(Records contained in a dataset)
>>>

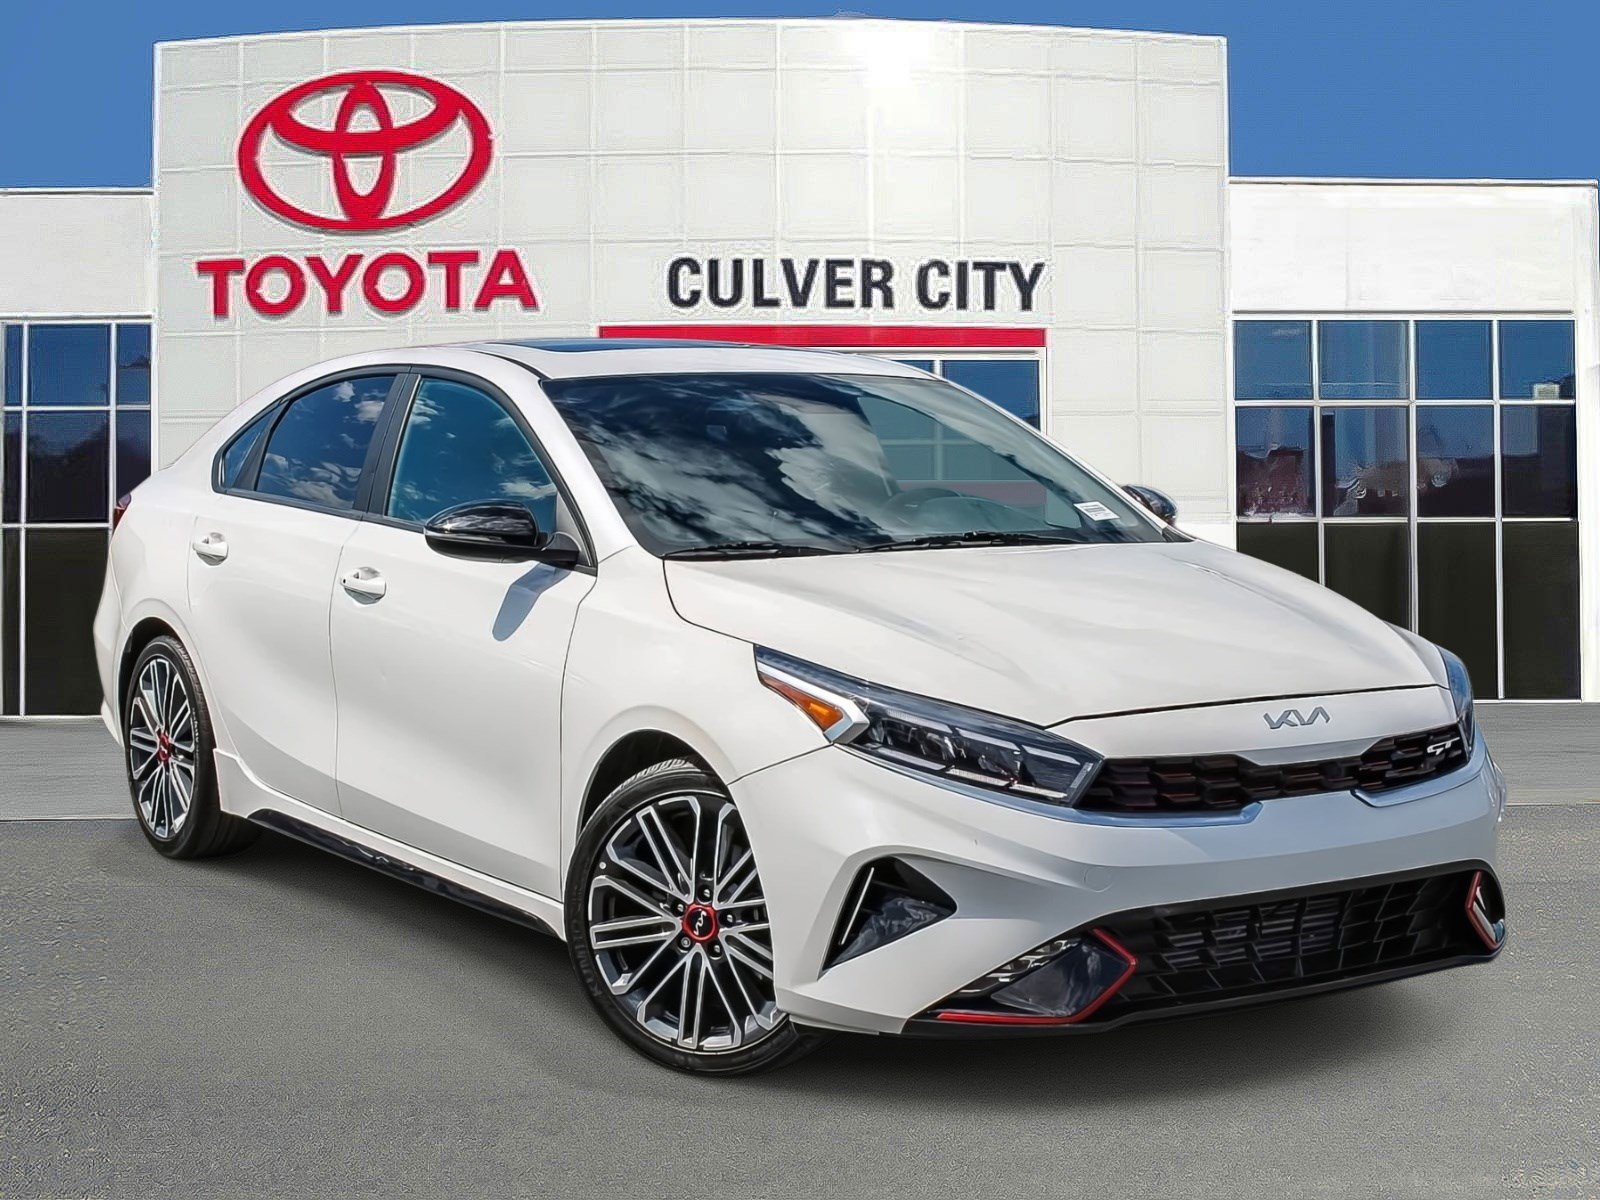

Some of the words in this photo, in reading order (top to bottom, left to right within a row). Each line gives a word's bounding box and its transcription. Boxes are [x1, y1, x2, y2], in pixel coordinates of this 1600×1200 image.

[196, 249, 540, 319] TOYOTA
[668, 257, 895, 309] CULVER
[916, 259, 1046, 312] CITY
[1263, 706, 1331, 730] KIA
[1426, 736, 1461, 756] GT
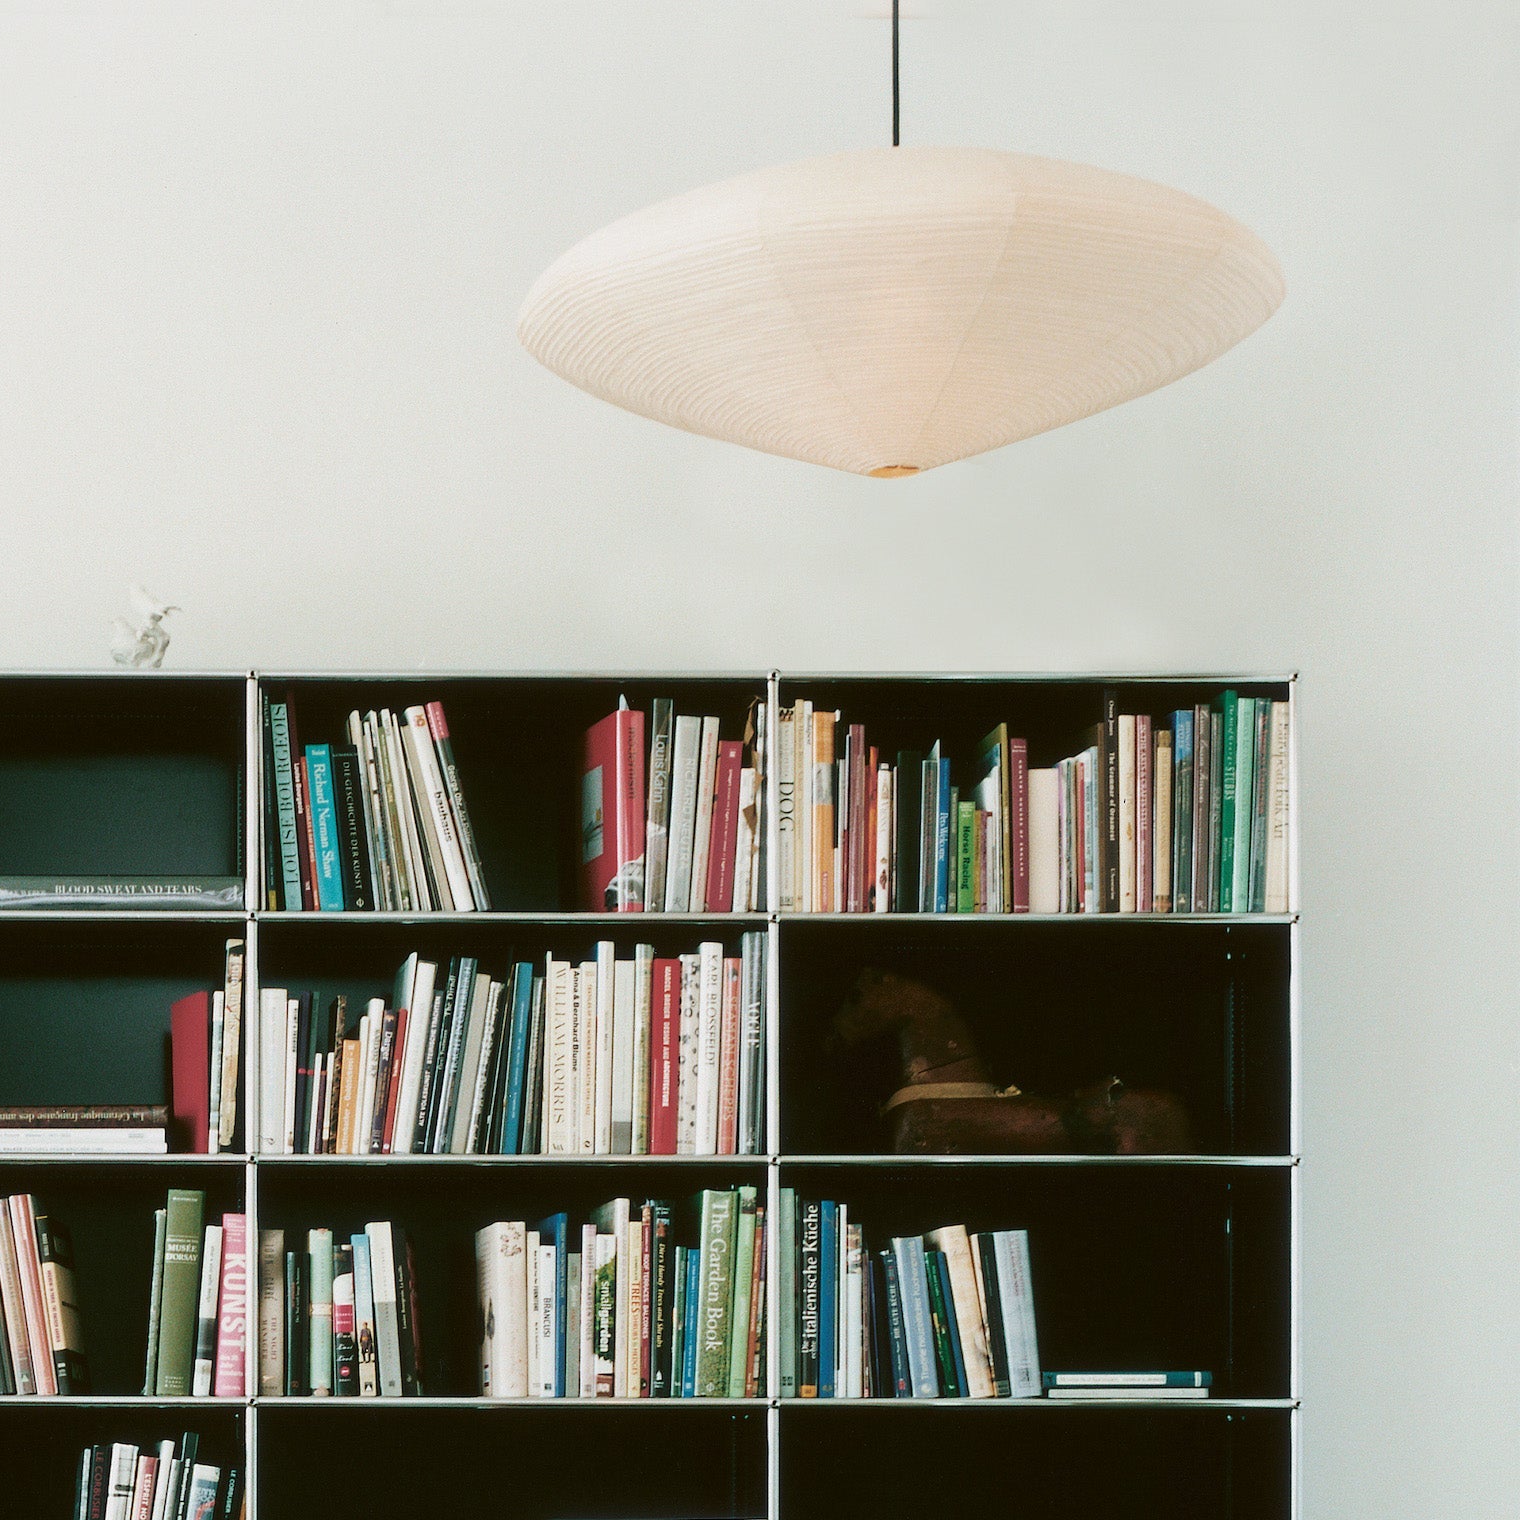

<<<

[Exercise instructions] Repeat the data word for word, excluding any image.

[Expected answer]
Some of the words in this photo, in reading order (top to bottom, left to right within a row). Each line gives a word's bounding box and its transcription. Boxes are [x1, y1, x2, y2], in pixel coordinates of this 1600×1200 image.

[196, 249, 540, 319] TOYOTA
[668, 257, 895, 309] CULVER
[916, 259, 1046, 312] CITY
[1263, 706, 1331, 730] KIA
[1426, 736, 1461, 756] GT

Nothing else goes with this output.